If you have a child with hypermobility, you may have noticed that they experience stronger emotional and fear responses. Recent research has shed light on an interesting link between hypermobility and the amygdala, a small structure in the brain responsible for processing emotions, particularly fear.

Studies have shown that people with hypermobility tend to have enlarged amygdalae. This enlargement may explain why they experience heightened emotional reactions without the usual balance provided by the anterior cingulate, another brain region.

The amygdala’s size could be related to increased pain sensitivity commonly observed in those with hypermobility. As the amygdala processes pain signals, an enlarged amygdala might make hypermobile individuals more sensitive to pain.
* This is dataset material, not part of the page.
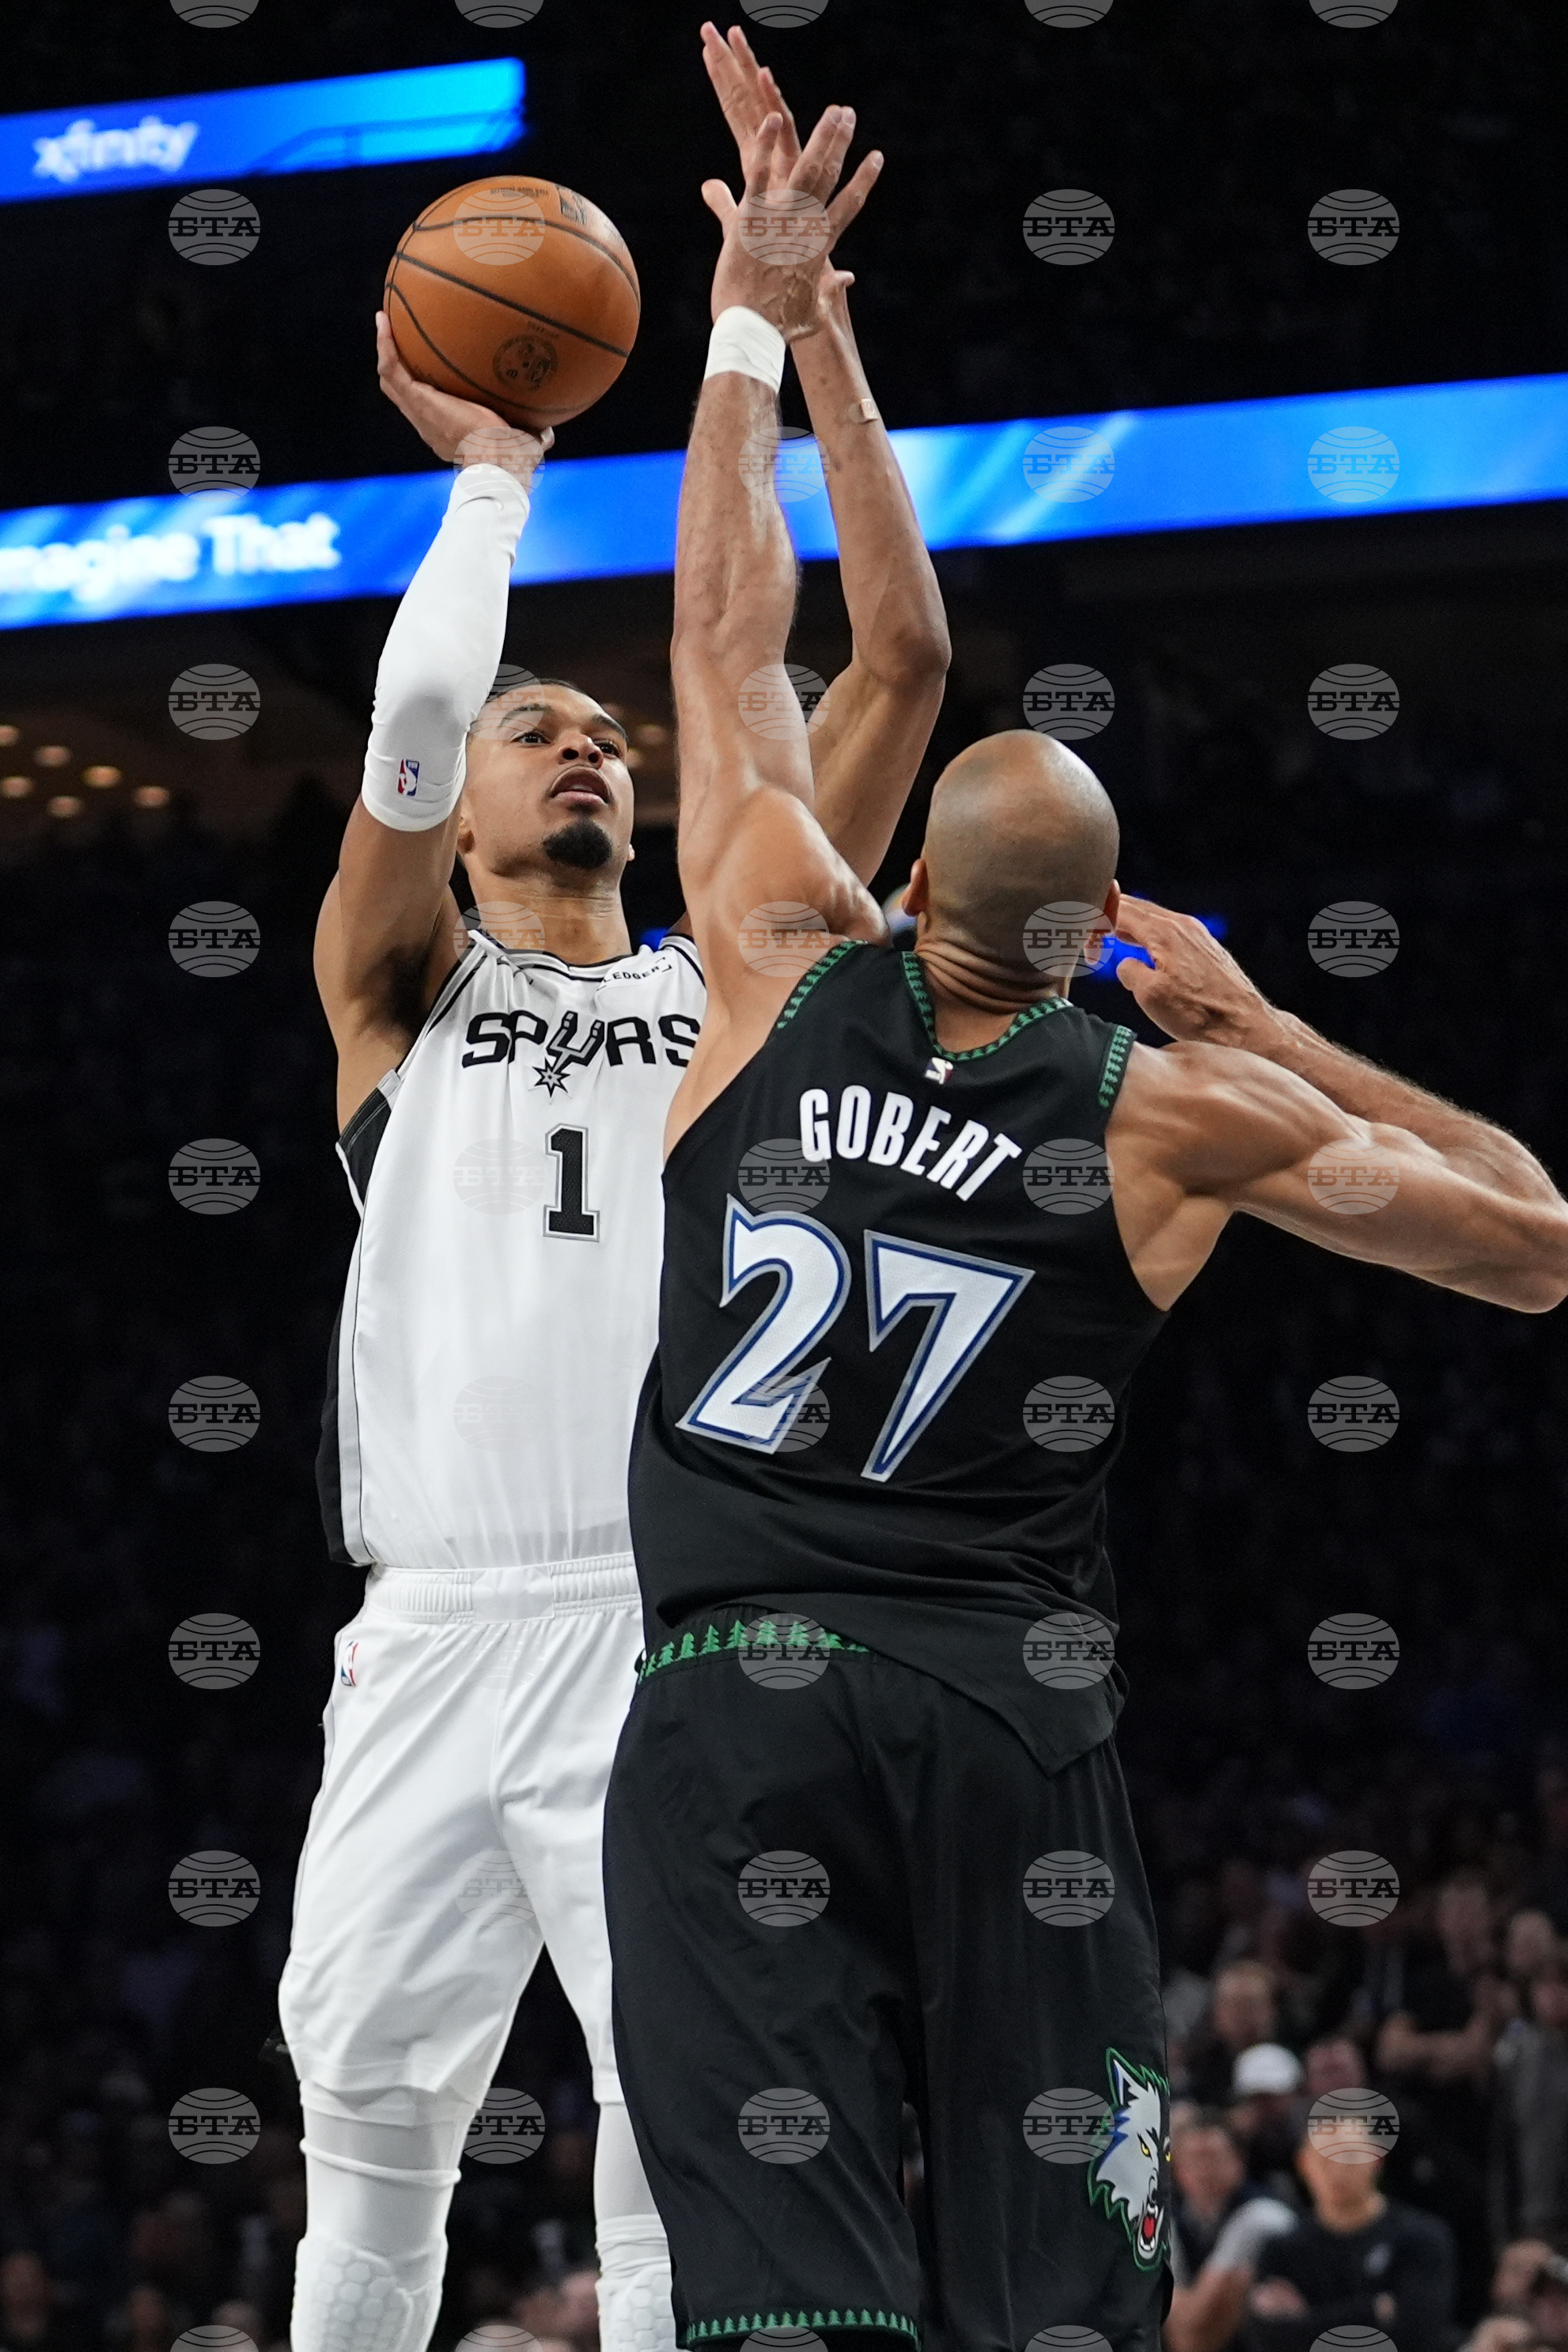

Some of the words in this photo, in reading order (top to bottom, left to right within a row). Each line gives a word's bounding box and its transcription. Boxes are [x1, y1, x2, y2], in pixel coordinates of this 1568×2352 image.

[461, 1009, 701, 1068] SPURS
[543, 1123, 600, 1242] 1
[800, 1085, 1022, 1201] GOBERT
[676, 1193, 1036, 1482] 27
Moreover, an overactive amygdala is associated with anxiety disorders. It is plausible that the enlarged amygdala in hypermobile individuals may contribute to their increased risk of anxiety.

The implications of this connection are crucial for families with hypermobile children. Understanding the potential role of the amygdala in heightened pain sensitivity and anxiety risk can help parents, education and healthcare providers better support and manage the challenges faced by these children.
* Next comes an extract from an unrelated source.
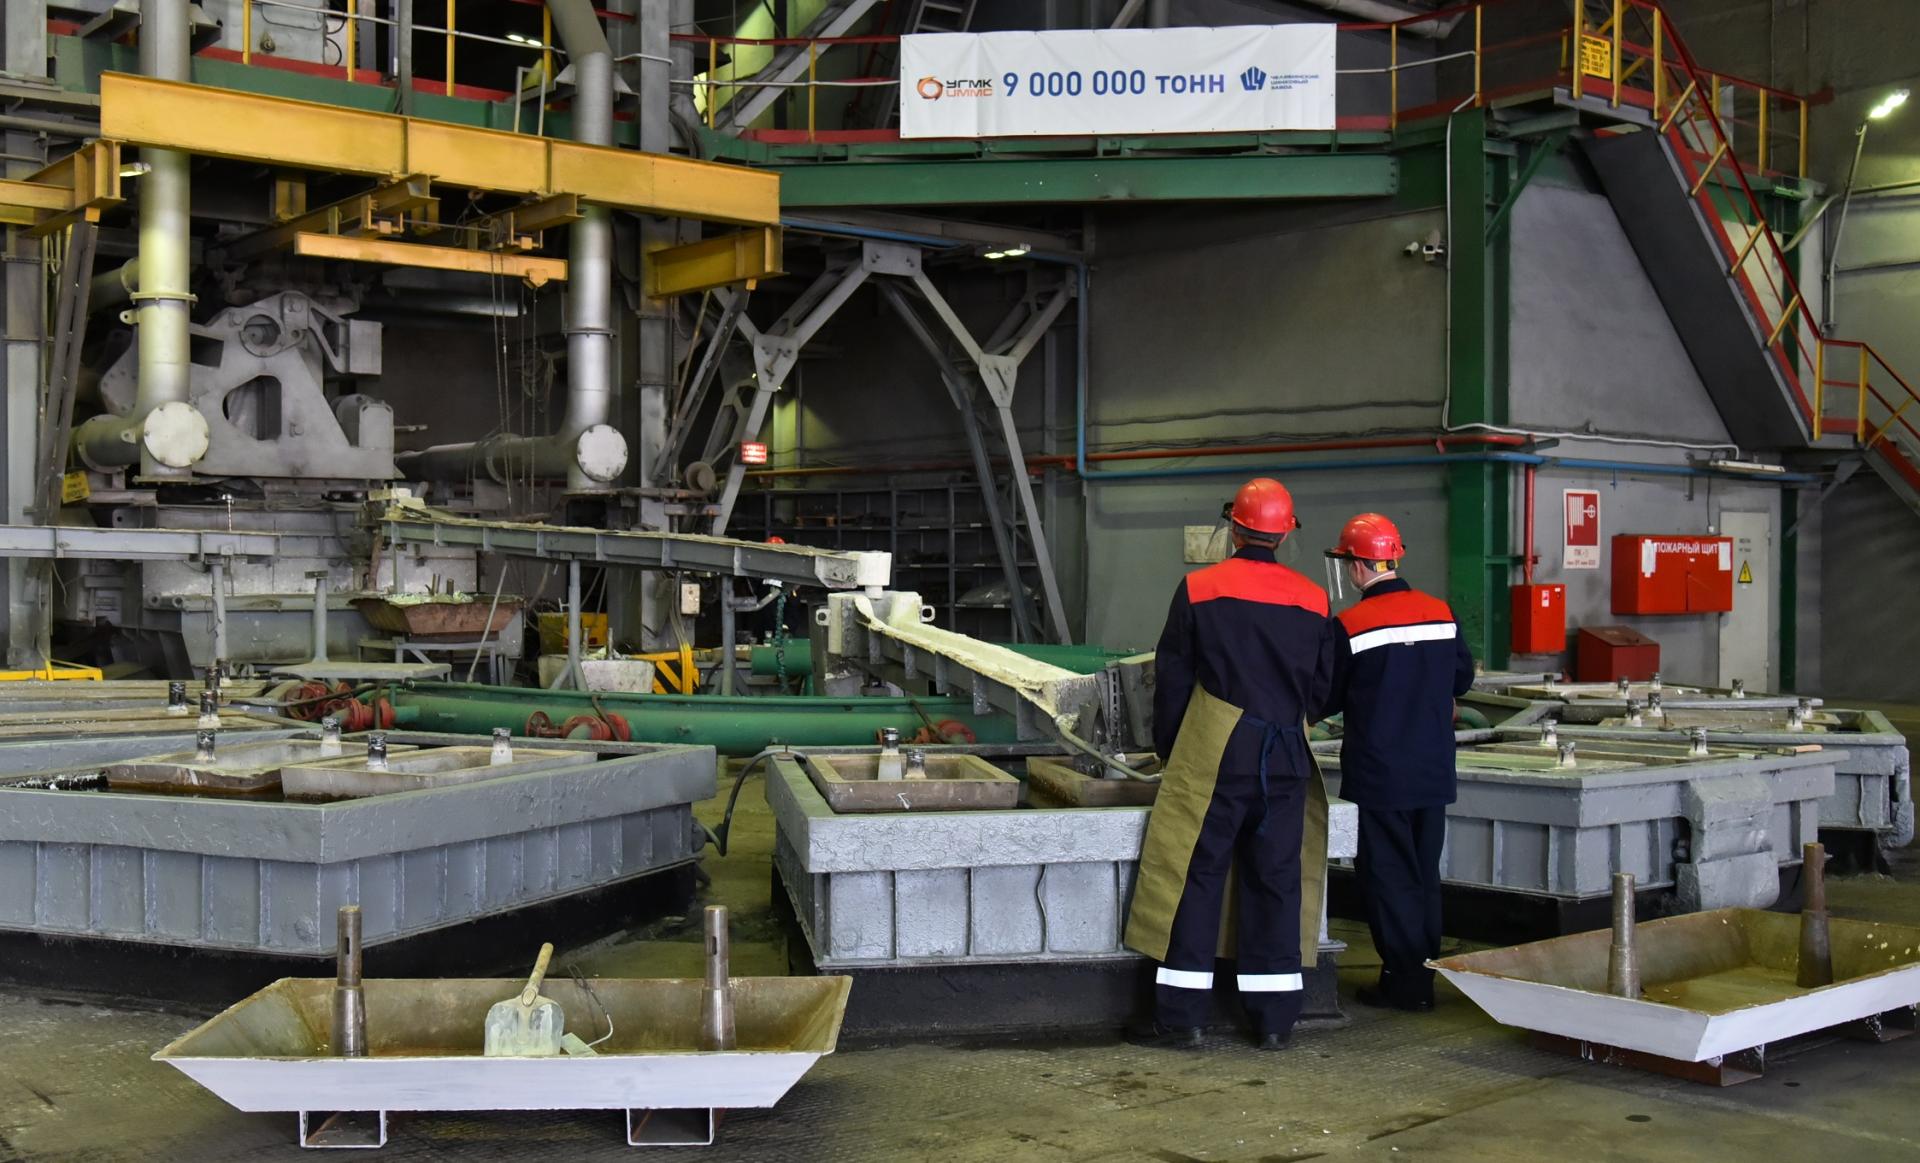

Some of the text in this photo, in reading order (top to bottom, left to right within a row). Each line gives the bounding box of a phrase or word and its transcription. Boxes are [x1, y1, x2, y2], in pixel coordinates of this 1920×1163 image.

[946, 79, 992, 89] УГМК
[1002, 69, 1225, 97] 9 000 000 тонн
[946, 88, 993, 97] UMMC
[1656, 542, 1718, 556] ПОЖАРНЫЙ ЩИТ
One study involving 72 healthy volunteers found that individuals with joint hypermobility had significantly larger amygdalae compared to those without hypermobility. The degree of hypermobility correlated with the size of the amygdala.
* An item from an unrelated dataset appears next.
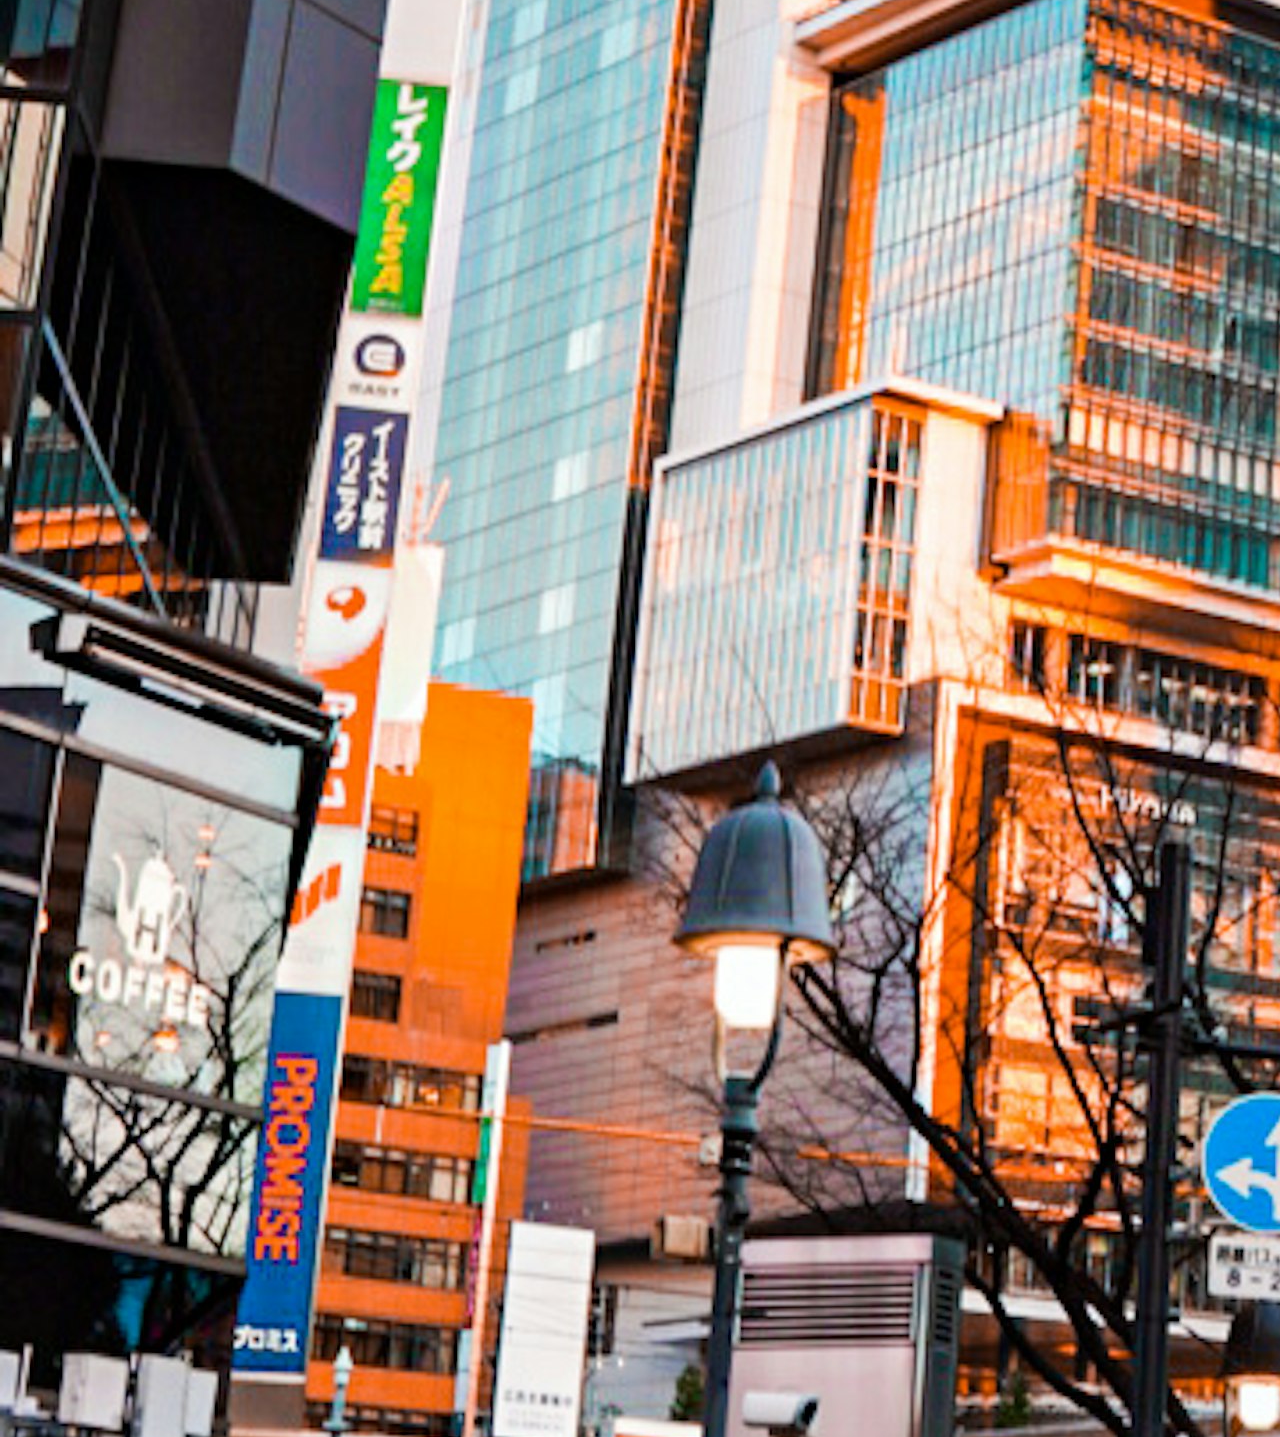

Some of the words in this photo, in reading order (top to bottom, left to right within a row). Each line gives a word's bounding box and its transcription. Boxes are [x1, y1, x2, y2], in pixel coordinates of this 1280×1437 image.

While the exact reason for the enlarged amygdala in people with hypermobility is not fully understood, this research opens up new avenues for further investigation. More studies are needed to fully comprehend the relationship between joint hypermobility and the amygdala.

If you suspect that your child might have hypermobility, don’t hesitate to speak with your doctor. A proper evaluation can help determine if your child has hypermobility and guide you towards appropriate treatment options.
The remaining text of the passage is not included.